* Required action *
Copy the data that follows exactly as it is, excluding all pictures.

──────────────────────────────

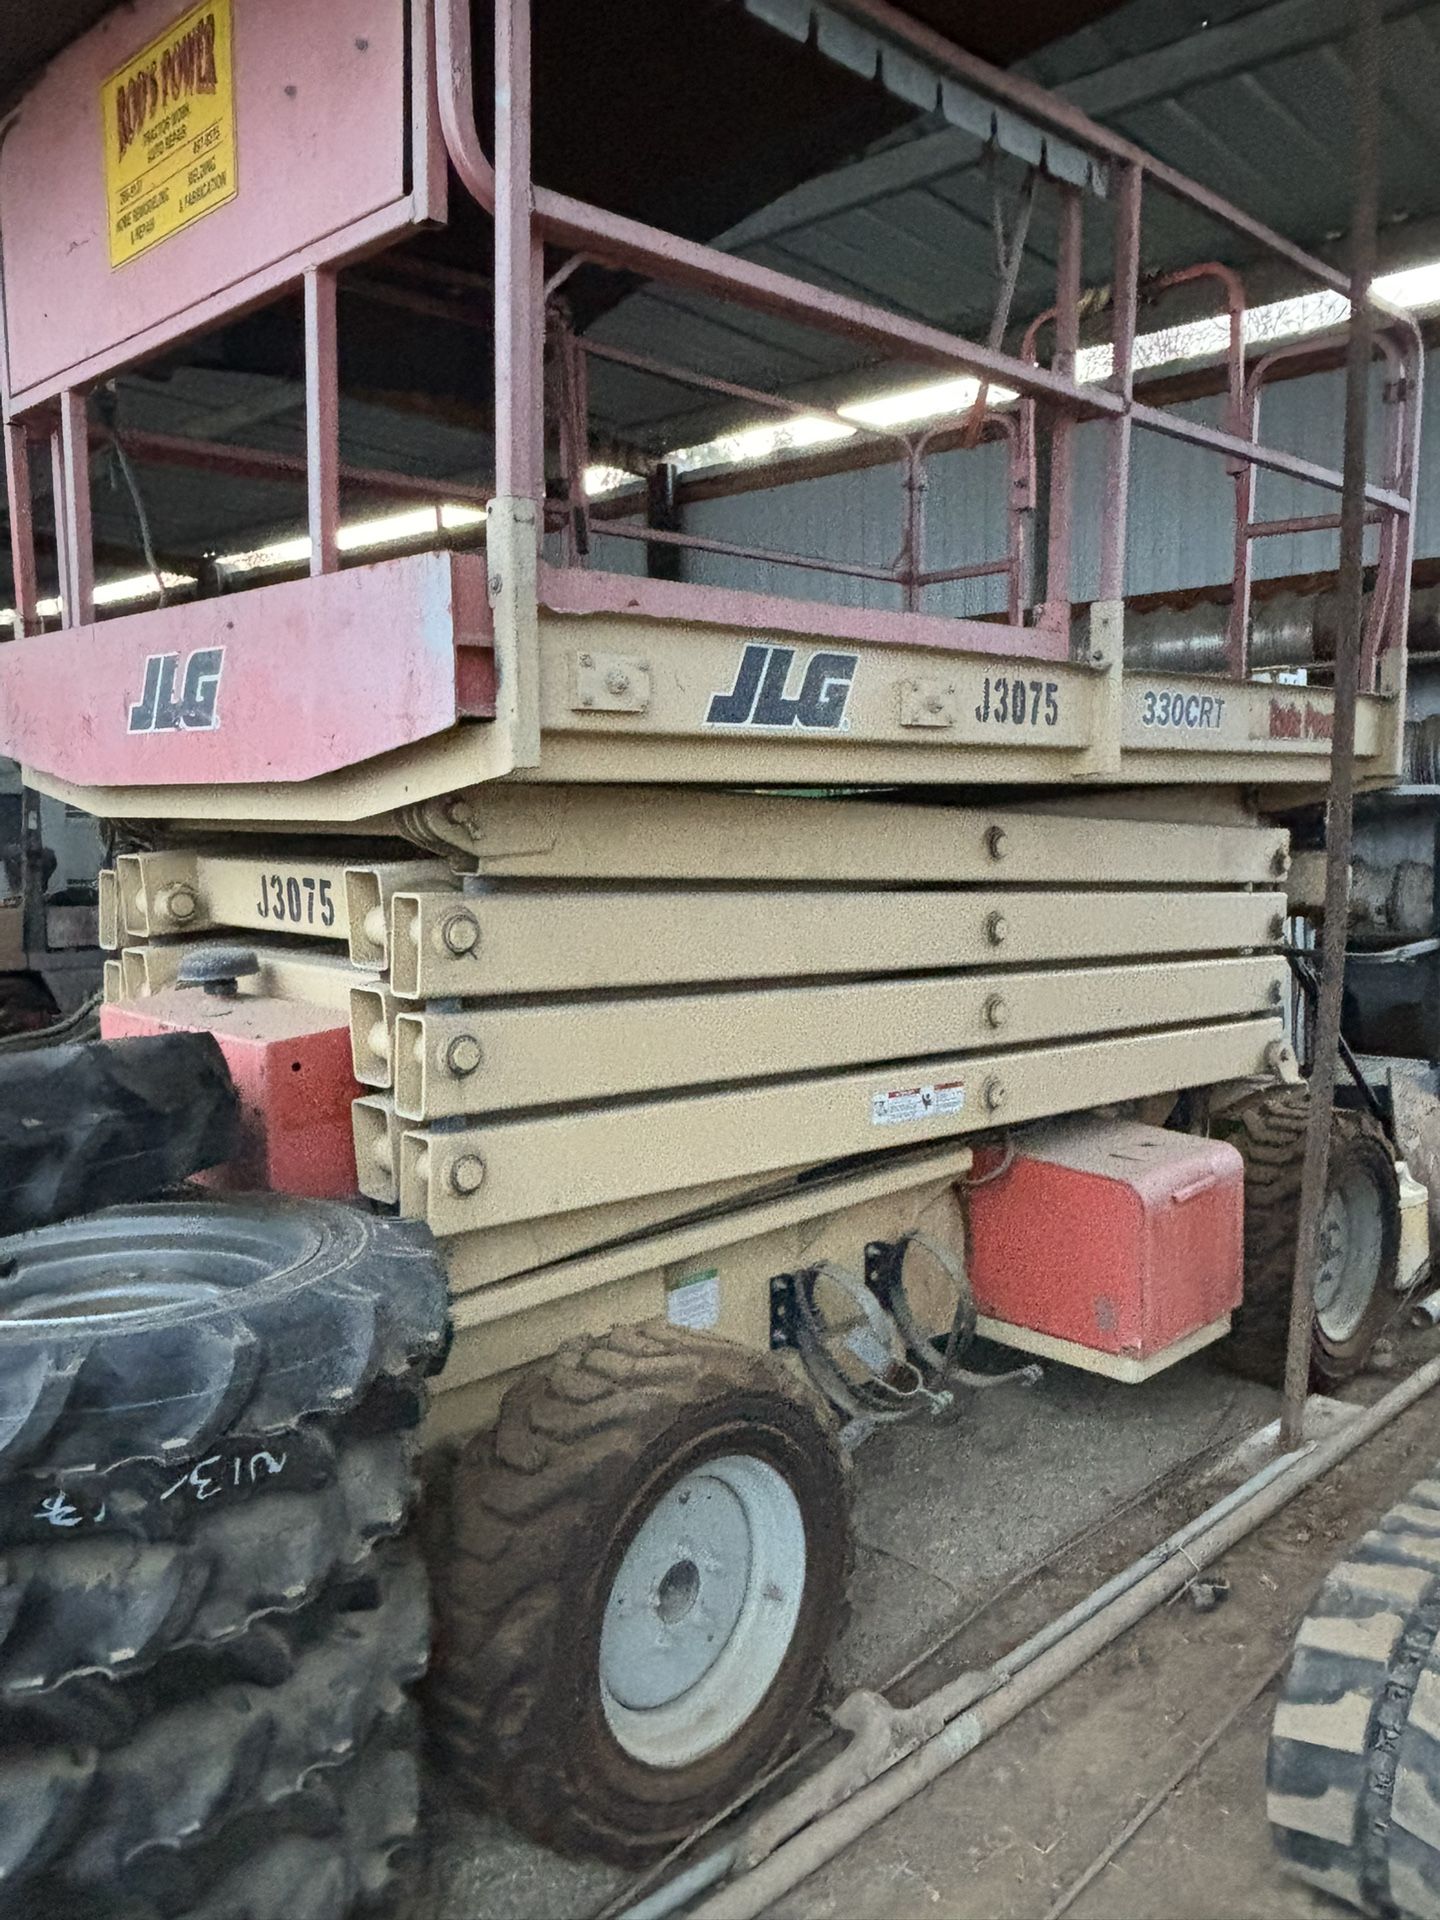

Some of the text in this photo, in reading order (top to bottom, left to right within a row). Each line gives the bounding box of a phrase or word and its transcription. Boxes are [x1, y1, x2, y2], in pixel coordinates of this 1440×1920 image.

[184, 170, 227, 208] FABRICATION
[127, 645, 226, 734] JLG
[703, 643, 861, 731] JLG
[974, 677, 1058, 726] J3075
[1142, 690, 1226, 729] 330CRT
[256, 874, 335, 926] J3075
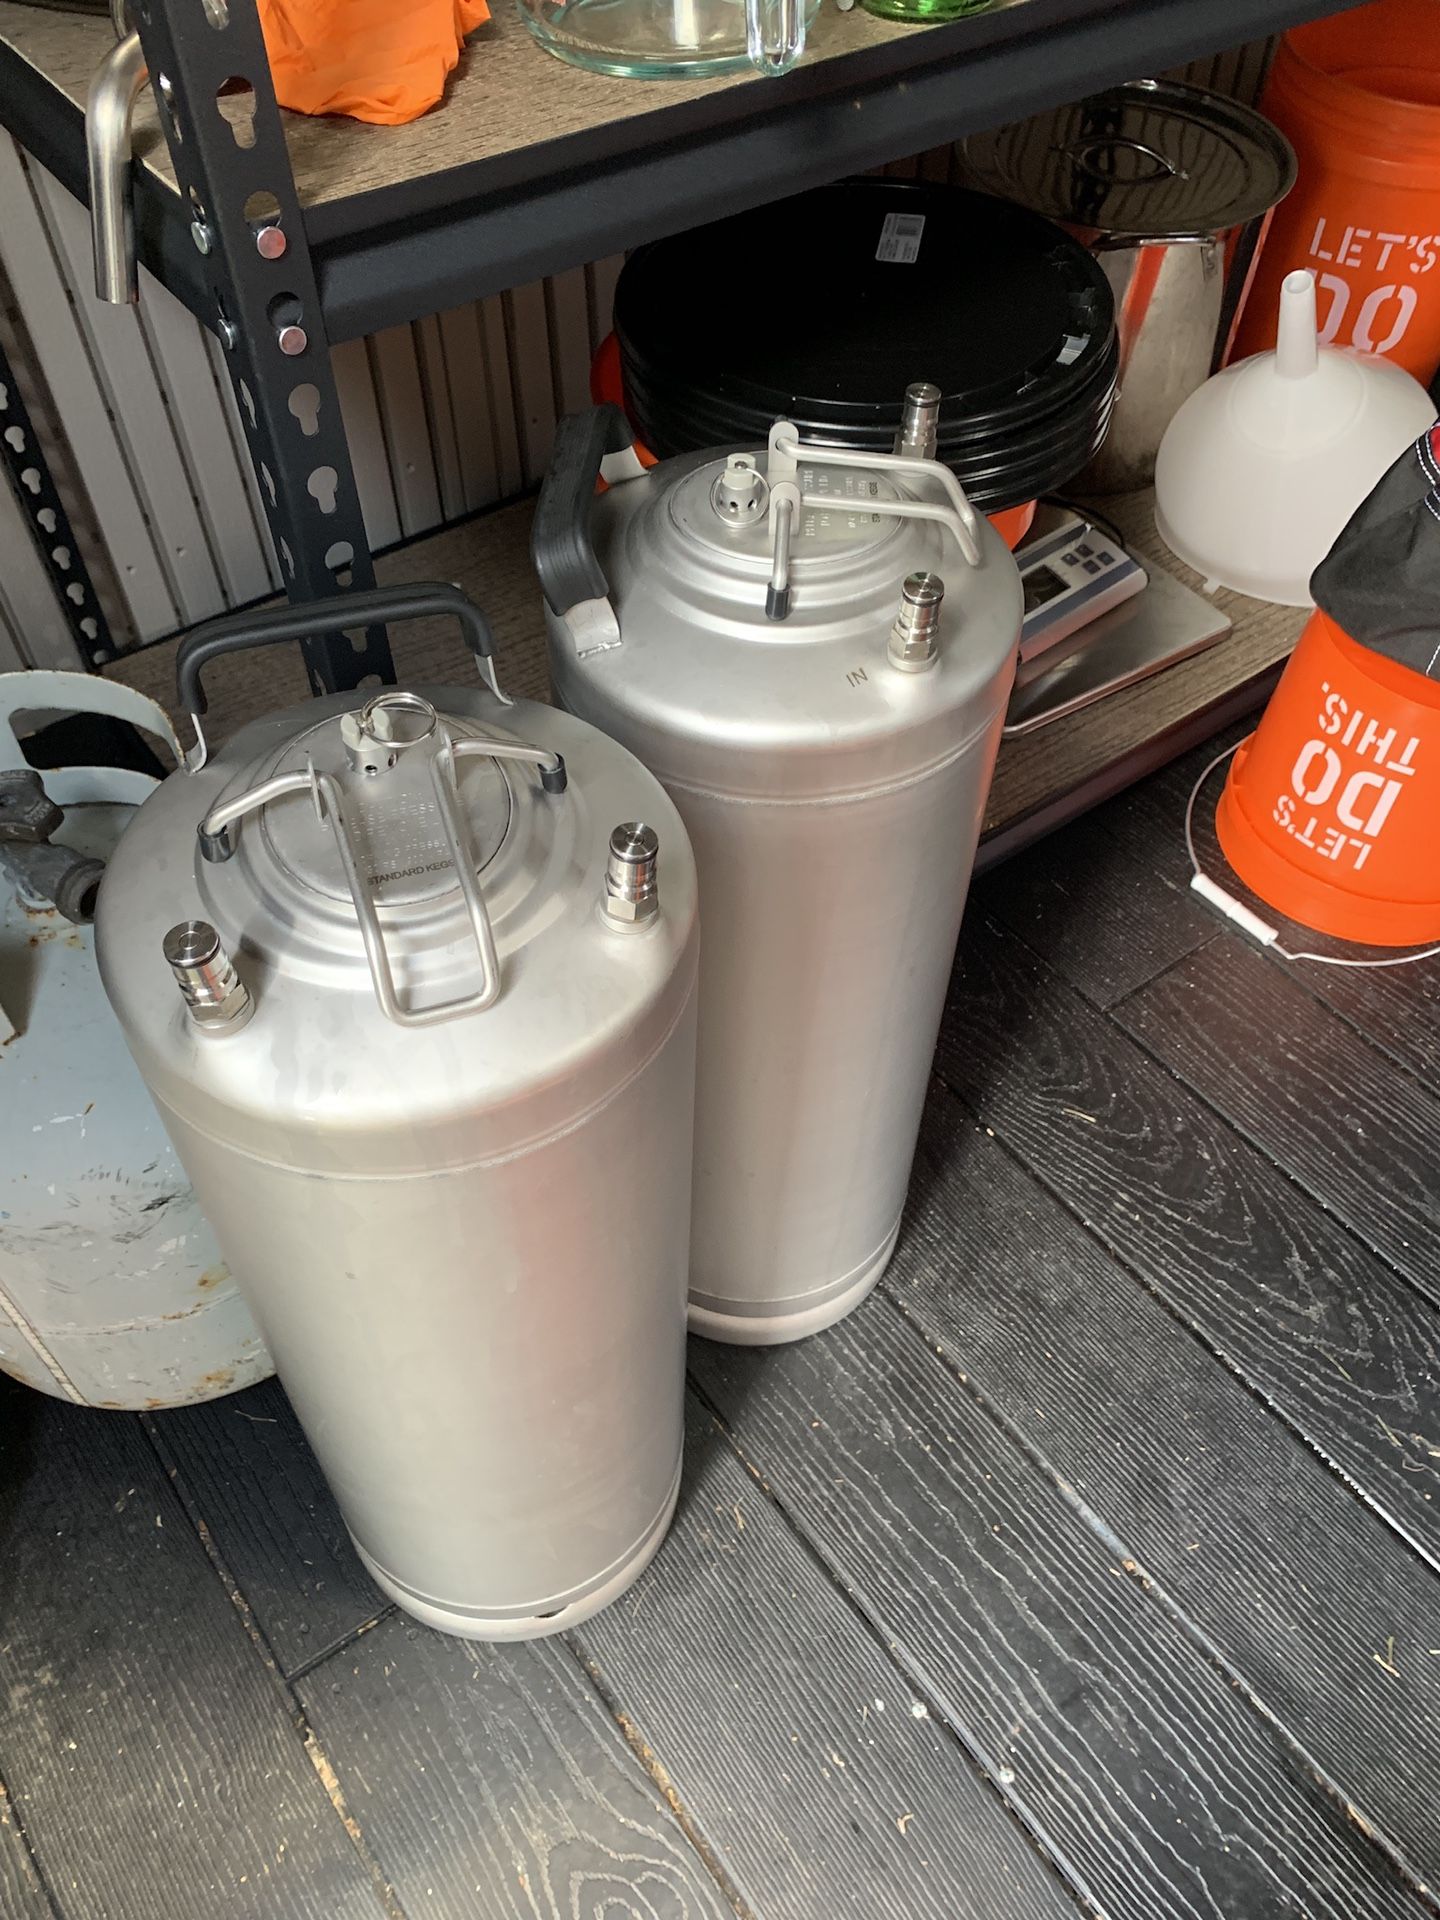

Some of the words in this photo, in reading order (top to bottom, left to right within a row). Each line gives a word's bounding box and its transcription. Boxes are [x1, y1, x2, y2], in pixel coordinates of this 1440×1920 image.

[1309, 217, 1440, 274] LET'S
[1304, 267, 1418, 354] DO
[846, 667, 868, 688] IN
[1318, 681, 1420, 776] THIS.
[1291, 739, 1403, 838] DO
[1273, 795, 1372, 870] LET'S
[366, 866, 425, 886] STANDARD

──────────────────────────────

* Exercise answer *
Some of the text in this photo, in reading order (top to bottom, left to right within a row). Each line gives the bounding box of a phrase or word and its transcription. Boxes are [x1, y1, x2, y2], in pixel coordinates of this 1440×1920 image.

[184, 170, 227, 208] FABRICATION
[127, 645, 226, 734] JLG
[703, 643, 861, 731] JLG
[974, 677, 1058, 726] J3075
[1142, 690, 1226, 729] 330CRT
[256, 874, 335, 926] J3075

Some of the words in this photo, in reading order (top to bottom, left to right within a row). Each line gives a word's bounding box and its transcription. Boxes are [x1, y1, x2, y2], in pixel coordinates of this 1440×1920 image.

[1309, 217, 1440, 274] LET'S
[1304, 267, 1418, 354] DO
[846, 667, 868, 688] IN
[1318, 681, 1420, 776] THIS.
[1291, 739, 1403, 838] DO
[1273, 795, 1372, 870] LET'S
[366, 866, 425, 886] STANDARD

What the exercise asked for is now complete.